Pro-lifers responded by citing major spending against the amendment, arguing that the wording of the referendum was potentially unclear, and noting that Kansas is not as conservative as sometimes assumed. They also took the results as a reminder of the need to continually evaluate the movement’s strategies and continue working to change hearts and minds, and stressed that abortion being subject to the democratic process is still vastly preferable to the status quo under Roe.

“I think ultimately it came down to chaos, confusion, and lies ruling the day,” Mallory Carroll, vice president of communications for Susan B. Anthony Pro-Life America, told Catholic News Agency Thursday. “The pro-abortion movement was very successful at claiming that this vote was going to be a vote to stop all abortion in Kansas and put women’s lives at risk.”

“A lot of people worked really hard, we contacted a lot of voters, but the message that the pro-abortion movement was pushing, that this was going to lead to women literally dying, was more effective and salient,” she continued. “It really raises the stakes for upcoming elections and underscores how important it is that, both as a pro-life movement and individual pro-life candidates, need to be really clear about what it is that we stand for.”

The specter of women dying in childbirth due to being denied abortions is one of abortion activists’ most potent talking points, despite being both medically and legally inaccurate.

Dr. Anthony Levatino, an OB/GYN who performed more than 1,200 abortions over the course of his 40-year career, but left the industry and converted to the pro-life cause following the death of his daughter, says he “saved hundreds of women from life-threatening pregnancies, and I did that by…ending their pregnancy by delivery, either induction of labor or Caesarean section. You never need late-term abortion to save a woman’s life.”
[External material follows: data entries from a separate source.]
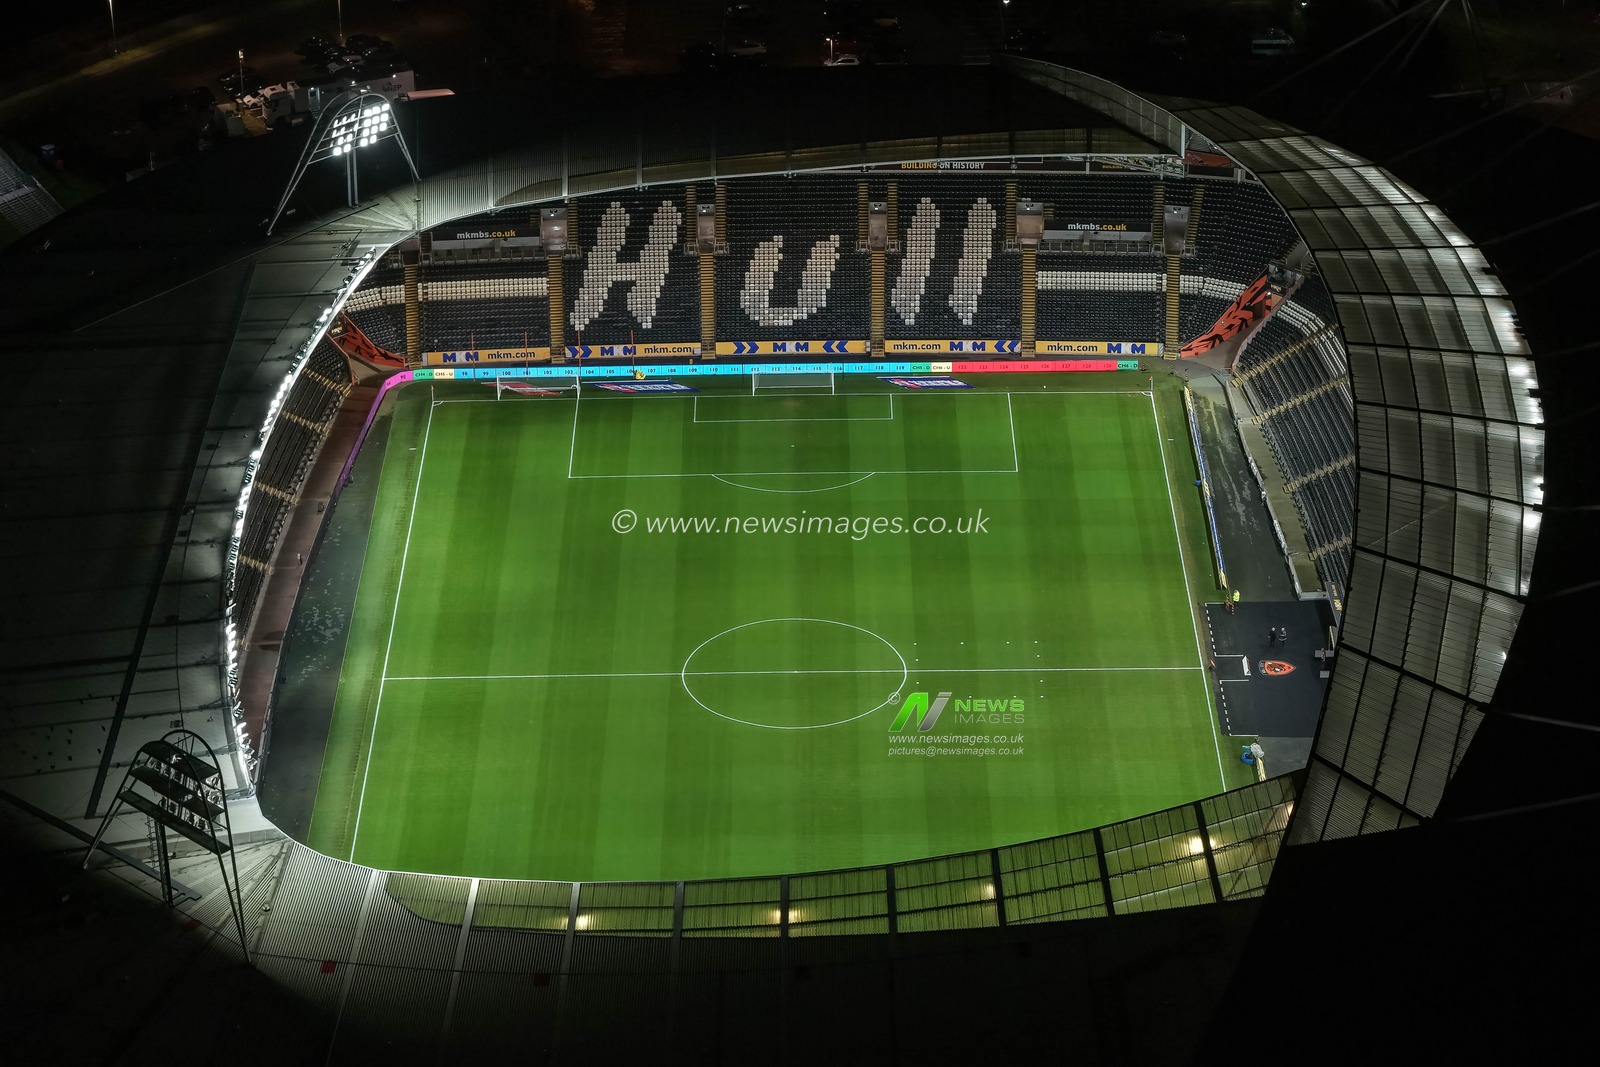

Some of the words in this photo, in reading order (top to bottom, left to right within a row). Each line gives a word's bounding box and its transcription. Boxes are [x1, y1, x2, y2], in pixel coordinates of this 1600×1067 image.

[456, 230, 516, 239] mkmbs.co.uk
[600, 346, 636, 356] MKM
[644, 346, 692, 354] mkm.com
[772, 342, 809, 352] MKM
[893, 342, 941, 351] mkm.com
[950, 341, 986, 351] MKM
[1047, 343, 1098, 352] mkm.com
[1107, 343, 1146, 354] MKM
[442, 352, 479, 362] MKM
[487, 351, 536, 360] mkm.com
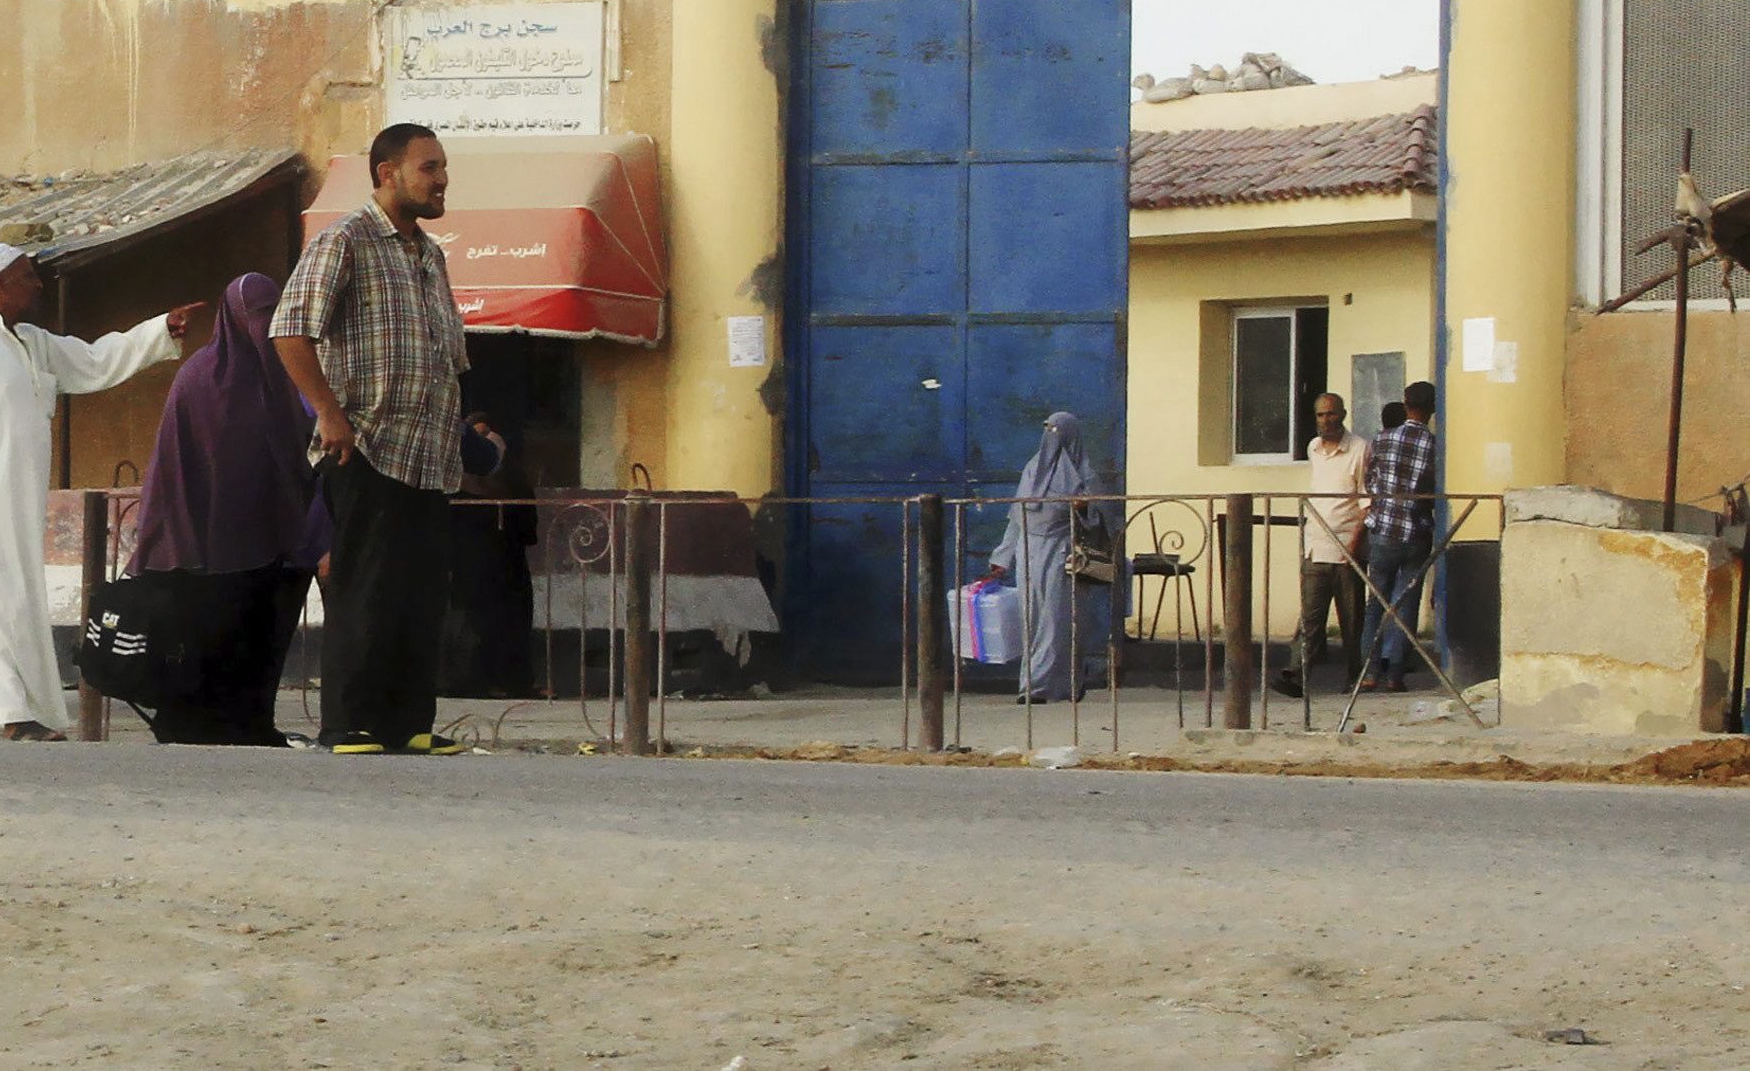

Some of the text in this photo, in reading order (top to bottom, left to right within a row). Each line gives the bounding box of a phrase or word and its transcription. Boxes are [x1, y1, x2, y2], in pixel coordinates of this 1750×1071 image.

[426, 19, 558, 39] سجن برج العرب
In fact, he explains that abortion is typically the worst thing that could be done for a woman in an emergency, as it takes 48-72 hours to dilate the cervix in order to remove a developed child. “If we waited 2-3 days to get her cervix prepared, she never would have made it,” Levatino says. While removal of a child to save the mother’s life often results in the death of that child, it is an unintended consequence rather than a deliberate result, and in such cases at least “they all had a chance.”
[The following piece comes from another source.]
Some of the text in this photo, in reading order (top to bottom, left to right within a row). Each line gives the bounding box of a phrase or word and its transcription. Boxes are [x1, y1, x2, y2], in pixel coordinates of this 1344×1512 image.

Dr. William Lile, an OB/GYN and pro-life public speaker who maintains the ProLifeDoc website, agrees. 

“Are there reasons that we have to deliver a baby early sometimes? Yes, moms can have conditions of preeclampsia, severe eclampsia, other issues, and we have to deliver the babies,” he explains. “But that 24, 25, 26-week baby goes to our neonatal intensive care nursery and does great,” rather than being killed. “Taking the life of the baby does not preserve or protect the life of the mom, it just takes the life of the baby,” Lile says.

Losing a baby in such circumstances does not constitute an abortion, as no lethal force is directly applied to the baby to intentionally kill him or her. Further, the vast majority of pro-life bills to be proposed over the the years rule out the possibility even more conclusively by expressly making an exception for cases of physical danger to the mother. According to the pro-life Charlotte Lozier Institute, all 23 states which currently have “one or more strong laws to protect life,” none prevent “medical treatment to save [the] life of [the] pregnant woman.”

Writing at The Federalist, Catholic University of America professor and prominent pro-life researcher Michael New offered additional explanation for the Kansas setback, and reasons for pro-lifers not to despair.

“Since the reversal of Roe, corporate media coverage of sanctity of life issues has become even more partisan and more biased,” he wrote, noting that by contrast, “[c]orporate media coverage of the outstanding work of pregnancy help centers post-Dobbs has been virtually non-existent.”

“Since the Dobbs decision, numerous state-level laws have taken effect protecting thousands of preborn children,” New added. “Furthermore, a recent report by the Guttmacher Institute found that in 11 states where pro-life laws were in effect, 43 abortion facilities were no longer performing abortions. Overall, Guttmacher predicts that protective pro-life laws will eventually be in effect in 26 states,” giving pro-lifers “great opportunities.”